Floral College re-opened in January 1866 and operated until 1872. The old campus was not entirely abandoned. Steward’s Hall became the home of the Rev. H.G. Hill and his family. The main building was used as a public school for years, and another building was purchased by the Purcell family and moved to an adjacent area to serve as their home.
Steward’s Hall was moved in 1950 beside Centre Presbyterian Church, where it serves as an education building for the church, still carrying out its original purpose as an edifice of education.
Churches
Sherman’s troops often chose to camp in and around churches during their march through the South. Antioch Presbyterian Church, near Red Springs, and Bethel Presbyterian Church, near Raeford, were campsites of Union troops. Both were left unharmed but this was not the case for the Lumber Bridge Presbyterian Church. The troops camped at Lumber Bridge on the evening of March 10 and began to tear down the church and nearby Temperance Hall for fuel. The next morning they used the remaining lumber to construct a causeway.
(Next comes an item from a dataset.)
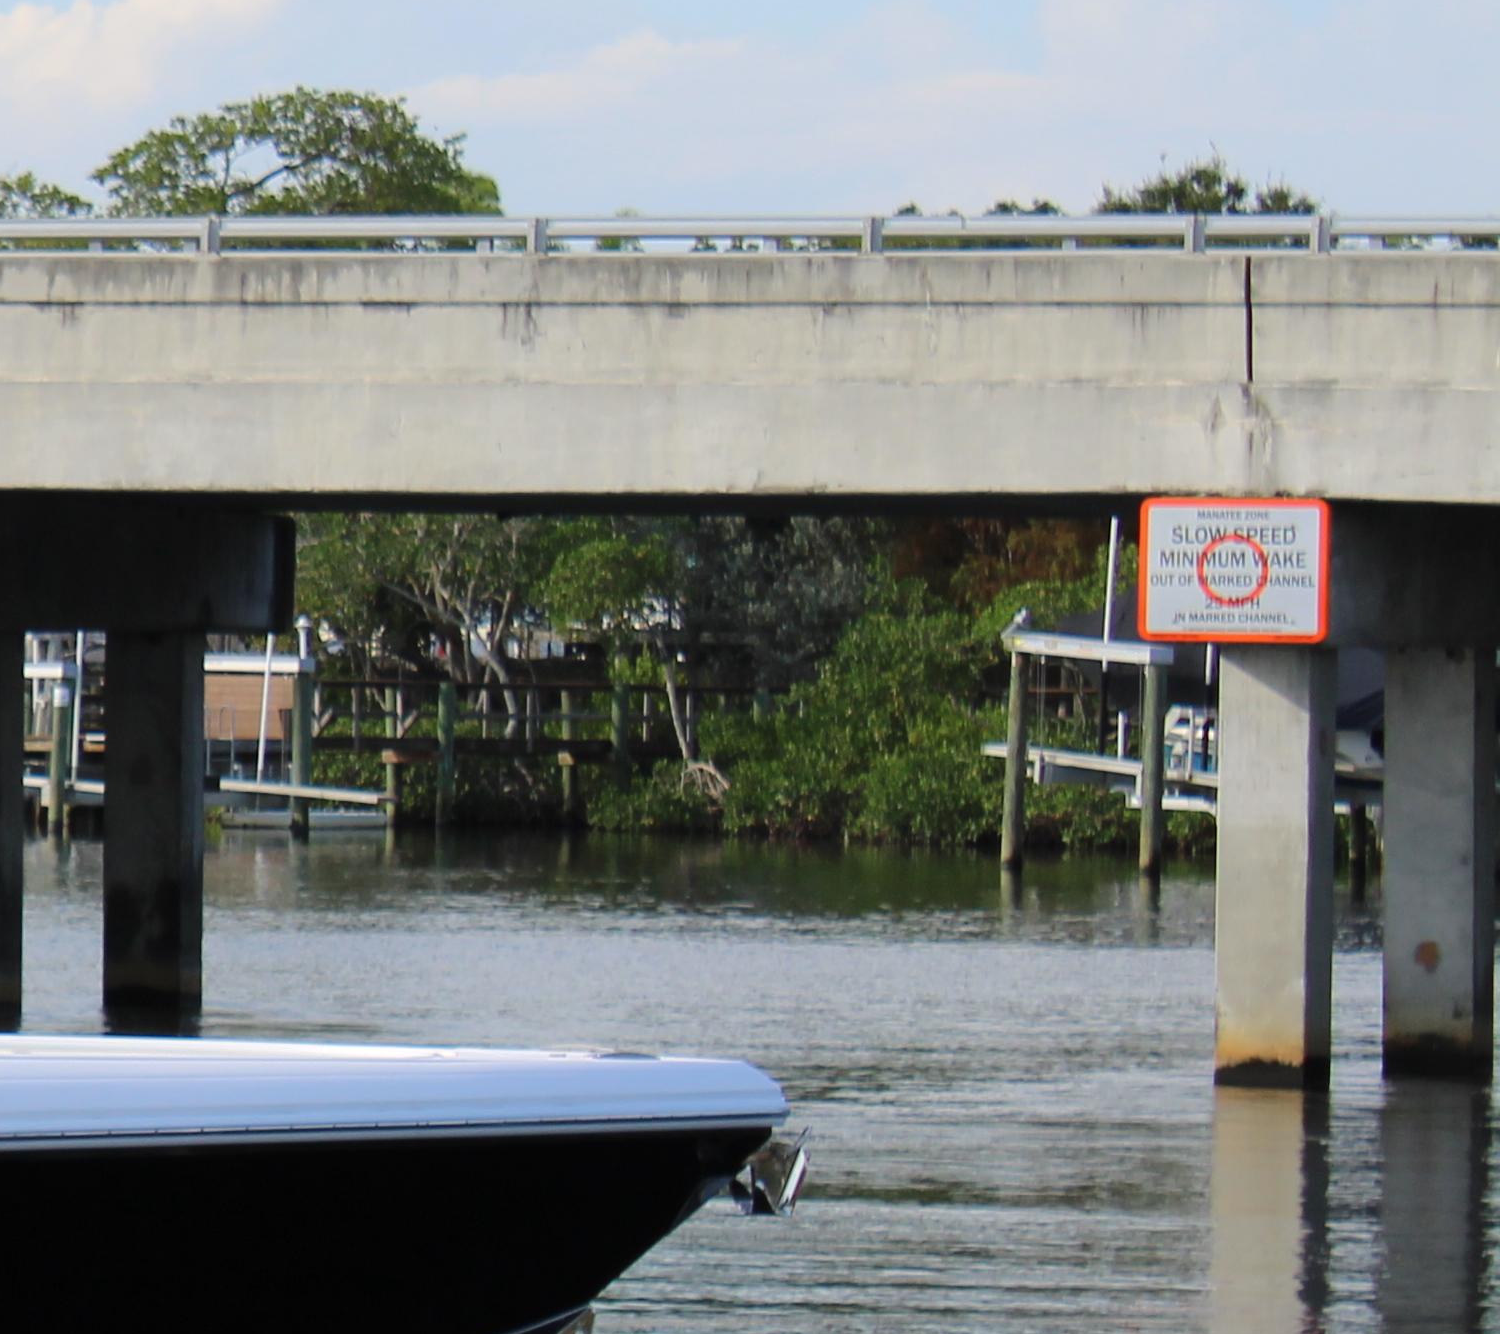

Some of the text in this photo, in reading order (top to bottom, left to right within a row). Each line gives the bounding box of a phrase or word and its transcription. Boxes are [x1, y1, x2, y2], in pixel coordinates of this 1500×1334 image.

The members of Lumber Bridge Presbyterian Church managed to rebuild the church in only three years, which was accomplished by sacrifices of the members. In 1887, a $3,000 claim was filed against the federal government for the loss of the buildings. Every year the claim was defeated until March 3, 1915, when a claims bill was passed by both houses of Congress to pay the trustees of the church $1,800.
This week marks 153 years since Sherman’s troops brought destruction and hardship to Robeson County. Memories remain. There are more stories of that painful time never recorded publicly. Robeson County History Museum is a good place to preserve the memories, photographs and artifacts of our residents.